Wrapping ourselves in warmth and softness, he made me feel secure and ready to face whatever my surgery was going to bring. I wanted him to feel the same way; I wanted to be the one that made him feel like this, feel how strong someone's love could make him feel.

"Since my dad told me about my mother. All that's been going through my mind is, make memories, make as many memories as I can with you. There's no hurry, though, but I have this feeling..." he said, pushing me enough to see my face, but not letting go of his hold.

"I don't want you to disappear, Sam, I can't imagine a life without you now... it's scary to think about," he whispered crushing my body gently to his, burying my face in his chest, I cried even more. How was I supposed to tell Cameron about me, now? I was lying. Though, there was a chance, what if I didn't make it? What if even with all the hope and faith I had, what if that wasn't enough to save myself?

"No, there's no hurry," I mumbled on his chest. Taking everything on chances.

"Because I will always be with you. No matter what, I will fight against destiny, just to stay with you." taking the chance that God gave me; I had one more reason to keep on fighting for my life and to make Cameron's life a little lighter. Even with all the worries and pains, still I had faith and that's all I needed.

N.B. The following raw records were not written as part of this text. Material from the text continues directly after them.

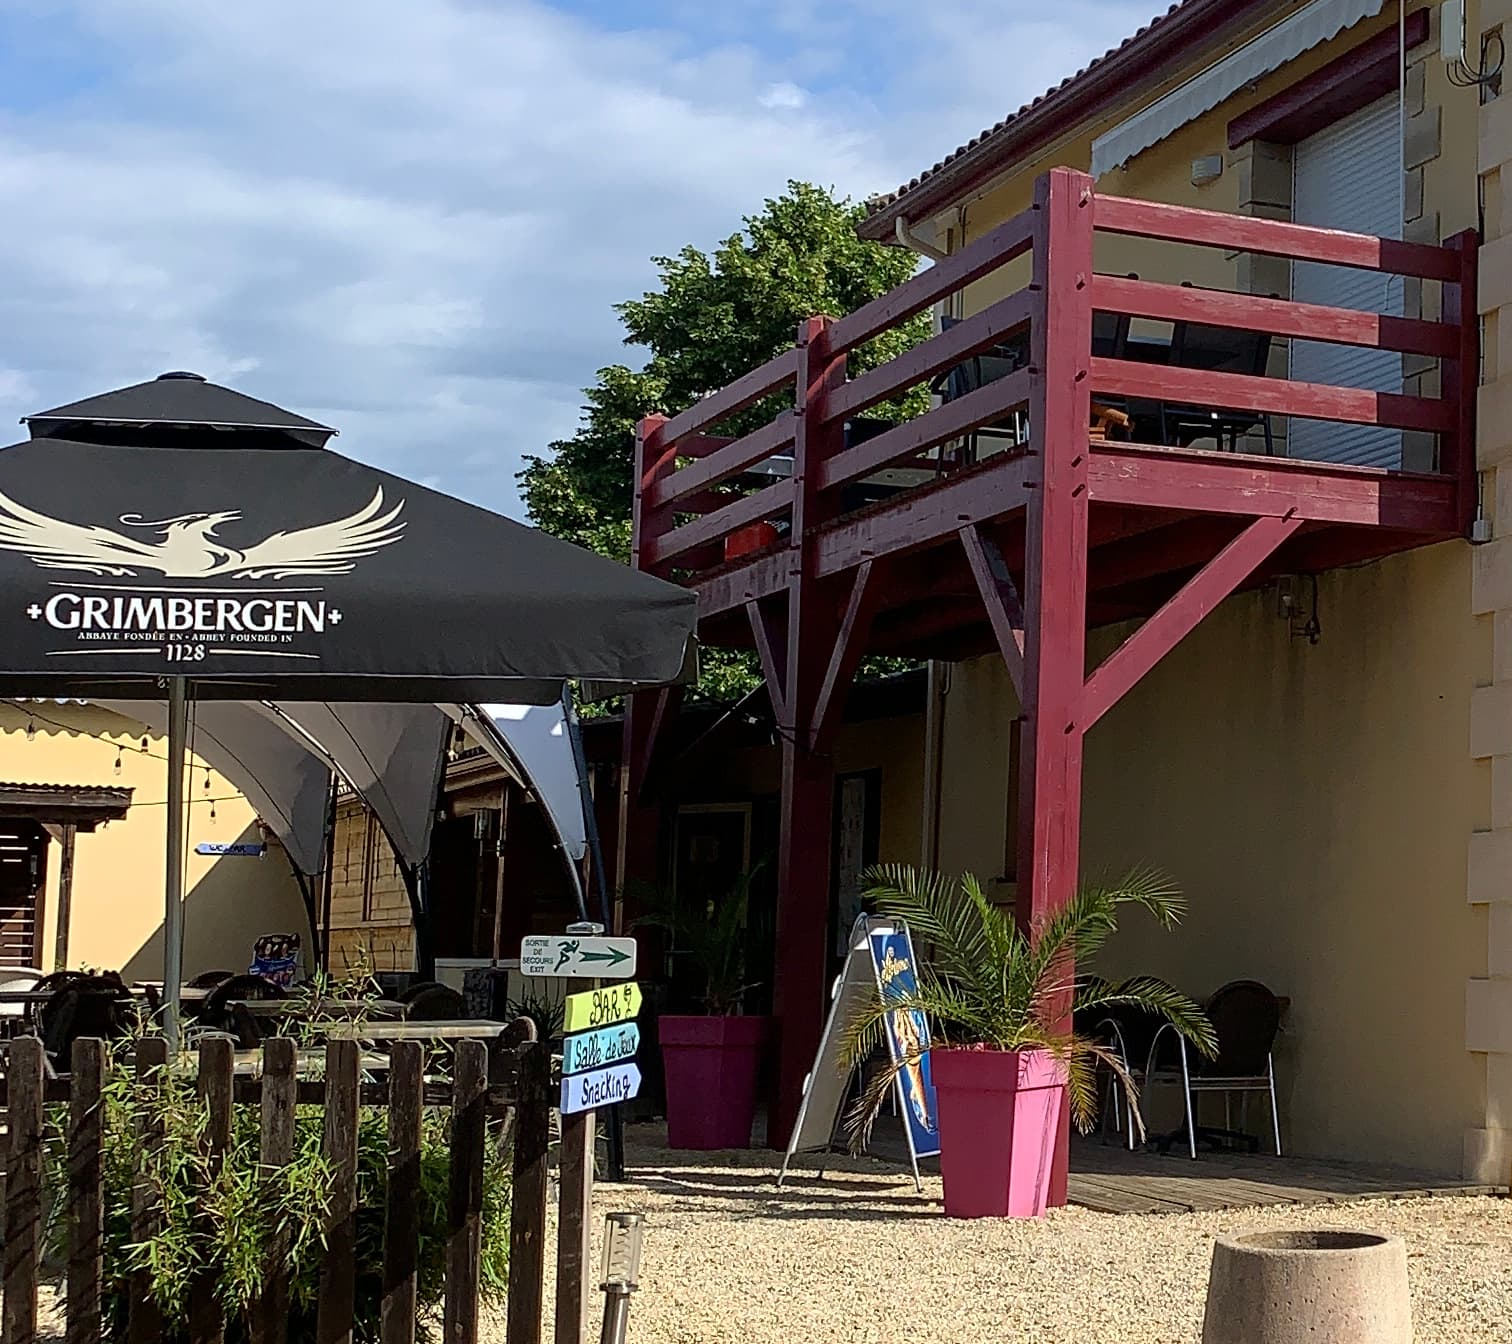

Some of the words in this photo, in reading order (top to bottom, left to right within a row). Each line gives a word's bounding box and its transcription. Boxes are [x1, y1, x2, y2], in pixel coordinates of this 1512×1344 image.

[45, 593, 326, 633] GRIMBERGEN
[77, 631, 120, 641] ABBAYE
[169, 633, 184, 641] EN
[191, 633, 226, 642] ABBEY
[230, 634, 278, 642] FOUNDED
[281, 634, 293, 643] IN
[166, 643, 206, 662] 1128
[525, 939, 549, 947] SORTIE
[522, 957, 554, 965] SECOURS
[590, 990, 621, 1025] BAR
[575, 1033, 602, 1069] Salle
[605, 1036, 617, 1061] de

"I promise," I said pushing his enough to see his face, holding his gaze, it surprised me a little the confidence, I had. He sadly smiled, taking a deep breath to control my heart.

"Thank you," he said, gently pressing his lips to my forehead.

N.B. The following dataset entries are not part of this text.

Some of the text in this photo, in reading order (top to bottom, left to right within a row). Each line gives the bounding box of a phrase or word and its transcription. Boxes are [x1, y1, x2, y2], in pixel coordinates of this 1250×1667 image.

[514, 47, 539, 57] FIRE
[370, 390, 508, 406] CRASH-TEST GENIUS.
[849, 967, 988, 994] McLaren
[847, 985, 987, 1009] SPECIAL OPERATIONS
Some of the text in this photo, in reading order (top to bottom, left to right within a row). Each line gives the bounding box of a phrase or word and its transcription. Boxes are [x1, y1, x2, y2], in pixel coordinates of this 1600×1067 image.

"I'm ready to take anything, because I don't want you to ever look this sad, again." my voice stumbled, but still sounded confident. Cameron's eyes shine with the lights, but there was also something else in them, passion, gentleness, and love. It made my heart tickled gently, but even that tickled sent cold chills through my body, a warning.

"Though I feel sad, I can help but to do this," he whispered gently caressing my trembling lips, letting myself lose into the bittersweet kiss, I locked my arms around Cameron's neck to secure him and not let him go, not let him be alone ever, again. I was determined to fight with all I had for him and for what we had.

"I've wanted to say something else for some time..." he whispered gently, tickling my ear. I closed my eyes to enjoy the moment. He gently ran his hand over my left cheek. His eyes sad again.

"That time you really shocked me, taking a punch from me it was a moment I'll never forget, honestly," he said, remembering the crazy moment I decided to step into a man's fight. He sighed gently caressing my cheek, my eyes on his.

"I promise, and I'm serious, Sam." I waited as he sucked in a deep breath.

"I would never hurt you, again, I promise," he whispered, gently pressing his lips on the place his fist had crushed that time. Then moving to my lips again. I sunk into the moment in his touch, adding more determination to my battle.